Wagner distinguishes between the medical approach to birth and a social approach to birth: arguing that birth needs to be placed in a community context. He was a strong advocate for midwives and regularly spoke at midwifery conferences. His work provides a wealth of information on how to move towards appropriate birth technology. Sadly, his work is still relevant today since, tragically in the past 20 years, the birth machine has increased in its power.
David Chamberlain
was a psychologist and founder and past president of APPPAH (Association for Pre- and Perinatal Psychology and Health) . On their website there are tributes to him from former presidents including William Emerson, who has also been influential in my work, and Thomas Verny (Secret Life of the Unborn Child, 1982). All these presidents in their work, have done much to help us understand the importance of life in the womb and the birth experience.
David Chamberlain’s first book, published in 1988 “Babies remember birth” ,was one of the first books to document experiences in the womb and during birth. He continued his studies on babies in the womb, and his latest book, published in 2013 Windows to the Womb: Revealing the Conscious Baby from Conception to Birth, The Mind of Your Newborn Baby, updated his earlier research with new scientific knowledge derived from ultrasound and neuroscience.
His work shows us clearly how babies in the womb are capable of learning, feeling pain and communicating. He describes how babies are sentient beings, hearing, sensing, feeling and even having memories before the brain is fully formed.

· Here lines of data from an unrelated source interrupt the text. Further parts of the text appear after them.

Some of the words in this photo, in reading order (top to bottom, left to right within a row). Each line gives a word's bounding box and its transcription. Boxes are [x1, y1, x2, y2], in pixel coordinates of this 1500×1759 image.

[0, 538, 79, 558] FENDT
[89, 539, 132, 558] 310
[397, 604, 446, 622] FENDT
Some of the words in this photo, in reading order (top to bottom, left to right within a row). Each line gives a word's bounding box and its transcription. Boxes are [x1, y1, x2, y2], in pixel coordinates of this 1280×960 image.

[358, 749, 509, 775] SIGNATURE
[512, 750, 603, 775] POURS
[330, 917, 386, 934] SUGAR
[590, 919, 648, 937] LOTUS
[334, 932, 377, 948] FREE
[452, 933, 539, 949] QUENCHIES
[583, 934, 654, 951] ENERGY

During his lifetime of research, he documented many cases of people remembering events that occurred in the womb, memories that were empirically verified.
He also found that the early experiences in the womb and in the time surrounding birth often had profound, and sometimes traumatic, effects on the baby, with lifelong implications.

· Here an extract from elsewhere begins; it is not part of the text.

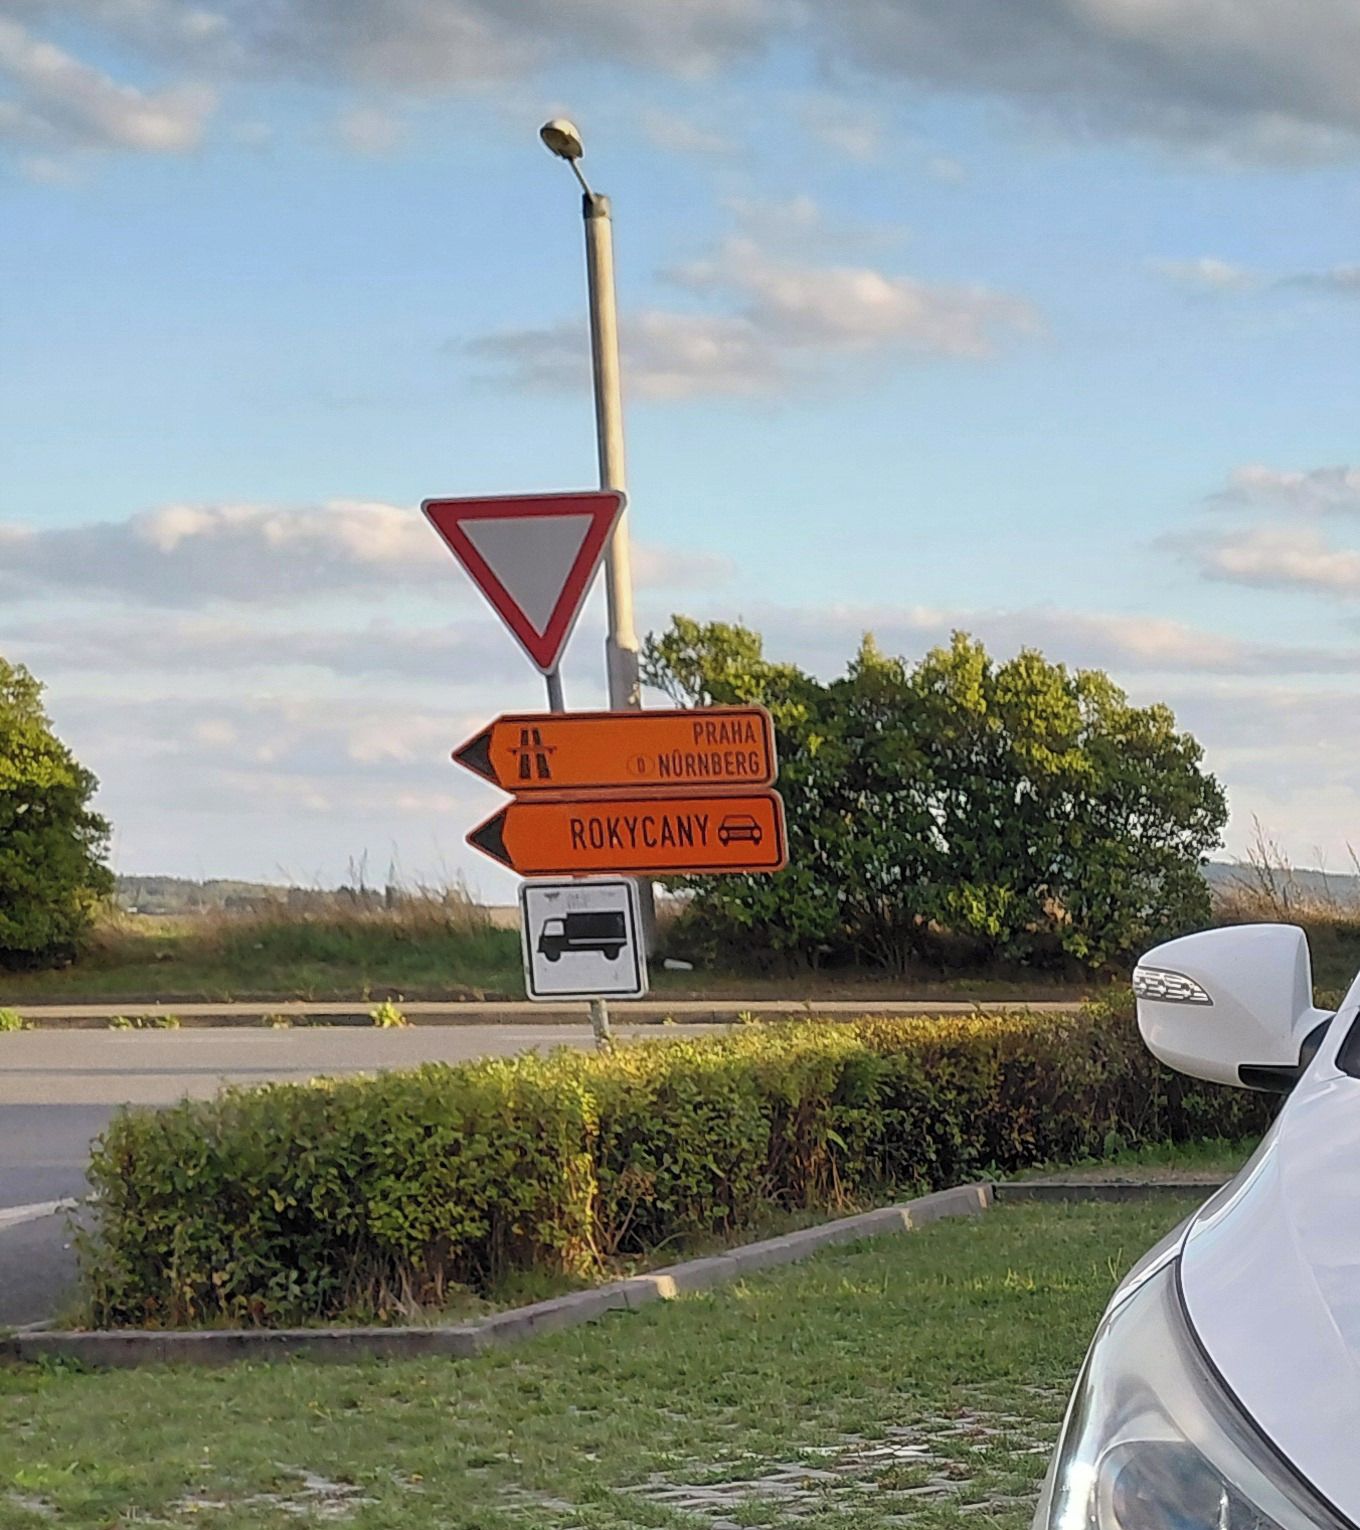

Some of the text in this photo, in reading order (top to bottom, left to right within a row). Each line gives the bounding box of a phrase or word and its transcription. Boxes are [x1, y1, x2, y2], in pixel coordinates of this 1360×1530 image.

[693, 721, 757, 746] PRAHA
[658, 749, 759, 777] NÜRNBERG
[570, 814, 709, 850] ROKYCANY

I certainly can verify to this personally, having experienced communicating with my own babies when they were in my womb as well as supporting my clients to communicate with their babies. I have also recovered memories from my own time in my mother’s womb: and so have many of my clients.
Our time in our womb and our birth experience are powerful times. We need to acknowledge that life indeed does begin at conception, even before: then we can start to understand more about who we are and why we respond in particular ways in particular situations.
So thank you Marsden and David, for your contribution to helping us understand how to create a more humanised, even spiritual approach to birth, and indeed the whole of pregnancy, not only for the mother, but also for the baby. Your work helps us ultimately understand more about ourselves and the world in which we live: so we can live in a more humanised and spiritual way.